Wednesday, May 9, 2007

Boiled and Eaten Alive

My first experience at a public bathhouse was as a 13-year old exchange student in Japan. We were told that the private showers at our lodge would cost extra and that the immaculate, boiling hot tubs were not only traditional, but therapeutic as well. I went for it, feeling mature and cultured at the time, even if I could stand the hot water only briefly while turning a florid shade of pink.

Ten years later, and with a greater need for the therapeutic effects of such places, I have tried out two traditional Korean bathhouses. The first was Icheon, a little over an hour outside Seoul under ideal conditions (once you take the right subway to the right station and manage to board the right bus, that is). Famous for its hot springs, Icheon boasts of its healing waters, which bubble naturally from underground and are said to treat any ailment from neurosis to hiccups.

On the way there, I pictured 19th Century seaside retreats where the ill and infirm were taken to breathe curative airs and recover their strength. I imagined a serene mountaintop sanctuary where guests meditated, drank medicinal teas, and cultivated health while making progress towards enlightenment. Looking back on my hyperbolic expectations, I can now laugh, but at the moment I arrived at the Icheon Hot Springs Resort, its resemblance to a water park was an utter disappointment. Despite the family fun atmosphere, it was certainly unlike any U.S. water park; there were no tacky inner tubes or carts selling Dippin' Dots. Instead, there were pools of brightly colored mineral waters "flavored" with everything from lemon essence to ginseng to mugwort. Infants, the elderly, and everyone in between took part in a communal and sedative soak, as though liquid calm were seeping through our pores.

For the adventurous, there were other exotic features of the spa that took a little nerve but were worth it for the story if nothing else. The first was the traditional Korean sauna, which looked out of place in the ultra-modern facility, as it was formed of circular stacked stones with a chimney on top. I had to crouch down low to enter through a glass portal that looked frighteningly like the door that covers my grandmother's fireplace, and indeed, I was met by a pyretic blast of furnace-hot air. Inside, people moved slowly in the dim light and smothering heat, laying themselves on woven mats to sweat out impurities and breathe in the scent of cedarwood. Remaining even a few moments took a mind-over-matter resolve not to leap from the sauna like the gingerbread man escaping the oven.

Following this hot house with a shudderingly-cold shower, I was ready to try the main attraction at Icheon: the so-called "Doctor Fish" therapy, a pool inhabited by tiny fish whose raison d'etre is to feast on the dead skin of bathers in need of exfoliation. I'll admit I was squeamish and ill at ease with the idea of being gnawed at by piscine scavengers. The other bathers somehow remained still enough to let the little ones attack rough elbows and scaly knees, and as my friend Cory said, "They're doctors, I mean, they must know what they're doing, right?" Still, the moment I felt them swarming around my feet or hands, having an absolute field day with my callouses (the scars of circus work), I cut short my half-hour treatment and ran for the nearest shower.

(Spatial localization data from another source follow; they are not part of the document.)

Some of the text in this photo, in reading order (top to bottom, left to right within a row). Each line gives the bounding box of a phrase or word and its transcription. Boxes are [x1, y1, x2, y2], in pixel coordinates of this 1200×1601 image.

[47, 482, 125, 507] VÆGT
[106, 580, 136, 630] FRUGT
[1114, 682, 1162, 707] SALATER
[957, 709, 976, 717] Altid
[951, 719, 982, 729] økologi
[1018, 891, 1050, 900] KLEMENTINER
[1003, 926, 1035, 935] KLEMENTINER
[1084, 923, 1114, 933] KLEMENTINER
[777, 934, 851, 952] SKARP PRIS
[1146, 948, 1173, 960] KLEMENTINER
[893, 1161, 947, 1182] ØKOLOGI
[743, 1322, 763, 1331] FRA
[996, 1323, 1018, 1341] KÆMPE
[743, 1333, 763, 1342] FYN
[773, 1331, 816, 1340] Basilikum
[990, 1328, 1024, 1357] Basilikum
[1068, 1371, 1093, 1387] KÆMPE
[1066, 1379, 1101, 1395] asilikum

I didn't let the fish scare me away from the Korean baths completely, though. Having suffered from an intense migraine during the work week, I chose to visit a second spa, this one in the heart of Myong-dong, a downtown shopping hub where street vendors sell one-size-fits-all-Koreans clothing for much cheaper than in the department stores. (Luckily, my own height is along the lines of the Korean norm, so shopping this way was surprisingly fruitful.) This time, the spa was ladies-only (i.e. naked), but offered all manner of beauty-enhancing treatments to turn one from homely to comely. There were the baths enfused with green tea and lavendar, the steam shower, and the mud mask. In hopes of relieving my migraine, I opted for the invigorating head massage - thirty minutes of scalp scrating, hair-pulling, and temple-rubbing that was surprisingly effective. Throughout the visit, I was shuttled around by countless female attendants eager to wrap me in towels, dry my hair, and clothe me in the silliest pink fuzzy robe and slippers. I left in a drowsy daze, high on pampering and relaxation.

So am I radiantly beautiful now after so much washing? Am I scrubbed clean and glowing with all my cares washed down the drain? One step into this polluted metropolis and I understand the Korean desire for a good bath.